The company filed for bankruptcy March 17 after company leaders said sanctions from Russia led to its major funding sources being cut off. The news was first reported by Bloomberg.
The company’s CEO said Russia’s recent crackdowns on the United States over its sanctions in response to the war in Ukraine interfered with Buyk’s ability to receive funds from its founders, Slava Bocharov and Rodion Shishkov. The pair co-founded Samokat, a delivery service based in St. Petersburg, Russia.
The bankruptcy filing called Russia’s war with Ukraine “an existential and, ultimately, fatal crisis” for the the company.
“Although the Debtor was operating and earning revenue, it was in the beginning
stages of its growth and was relying, in part, on cash infusions by the founders to continue its operations and expansion,” the filing reads. “Unfortunately, although the founders were not, and are not, subject to any sanctions, restrictions on the ability to transfer any funds out of Russia made it impossible for the founders to provide any further funding to the Debtor.”

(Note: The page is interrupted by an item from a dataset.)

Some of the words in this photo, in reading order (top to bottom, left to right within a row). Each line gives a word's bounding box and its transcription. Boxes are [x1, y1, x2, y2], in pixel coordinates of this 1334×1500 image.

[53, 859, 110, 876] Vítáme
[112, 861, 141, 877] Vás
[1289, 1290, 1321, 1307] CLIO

Buyk promised free delivery of groceries on the North Side and part of the Southwest Side near Midway Airport, according to the company’s website, which has now been deactivated.

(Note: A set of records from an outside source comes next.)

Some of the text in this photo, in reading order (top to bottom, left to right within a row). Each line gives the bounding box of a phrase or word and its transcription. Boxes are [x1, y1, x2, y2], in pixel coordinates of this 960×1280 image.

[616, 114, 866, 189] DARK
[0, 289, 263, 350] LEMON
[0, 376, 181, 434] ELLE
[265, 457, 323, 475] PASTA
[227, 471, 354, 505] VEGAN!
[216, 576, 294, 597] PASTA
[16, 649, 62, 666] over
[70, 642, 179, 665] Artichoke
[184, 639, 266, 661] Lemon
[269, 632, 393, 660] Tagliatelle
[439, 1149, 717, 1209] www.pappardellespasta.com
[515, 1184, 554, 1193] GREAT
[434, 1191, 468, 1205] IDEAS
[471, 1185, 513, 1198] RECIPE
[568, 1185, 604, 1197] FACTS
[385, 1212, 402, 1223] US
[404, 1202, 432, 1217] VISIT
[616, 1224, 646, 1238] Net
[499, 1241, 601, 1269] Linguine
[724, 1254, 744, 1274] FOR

Buyk laid off approximately 98 percent of its workers in early March. The company at the time said it was a temporary measure until it could secure additional financing, which ultimately did not materialize.

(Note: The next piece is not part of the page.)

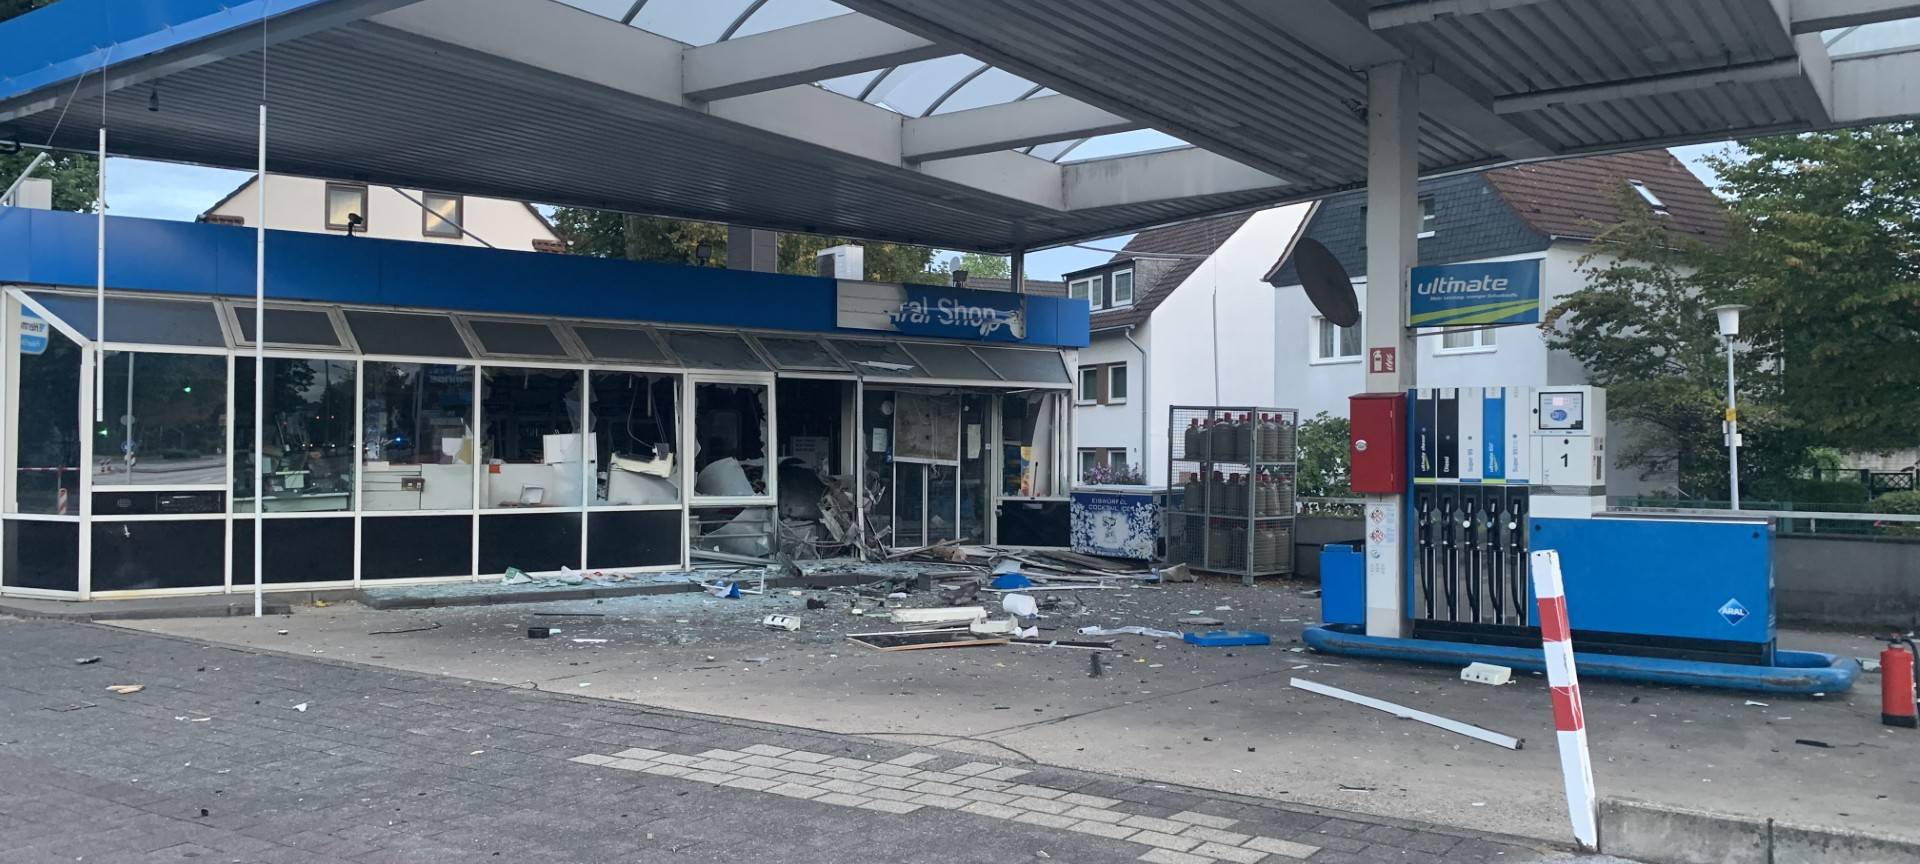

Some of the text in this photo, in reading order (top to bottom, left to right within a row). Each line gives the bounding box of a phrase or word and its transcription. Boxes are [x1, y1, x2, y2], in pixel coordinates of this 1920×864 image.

[1417, 274, 1509, 295] ultimate
[1560, 452, 1568, 468] 1
[1722, 607, 1745, 616] ARAL

“We have diligently explored all possible options and partnerships to restructure Buyk and keep the business going, however, the war in Ukraine and subsequent restrictions in funding have unfortunately made it impossible to continue operations,” Buyk CEO James Walker said in a statement.
Buyk was operating eight locations in Chicago at the time of its bankruptcy filing, according to court records. Couriers packaged items from the stores, which were not open to the public but were stocked with food from local and national vendors.
Several of the stores on Chicago’s North Side still displayed Buyk signage this week. At least one location, in Portage Park, had “For Rent” signs in the windows Monday.
Buyk’s closure comes less than two months after neighbors in Logan Square complained in February that the company was throwing out fresh produce and other unopened groceries at its Logan Square warehouse, 2774 N. Milwaukee Ave.
The incident led Ukrainian Village resident Jim Humay to partner with the company for bi-weekly food pickups to distribute food to community refrigerators in the area, known as “Love Fridges.”
A Buyk spokesperson did not answer questions about what was done with leftover food in Buyk stores.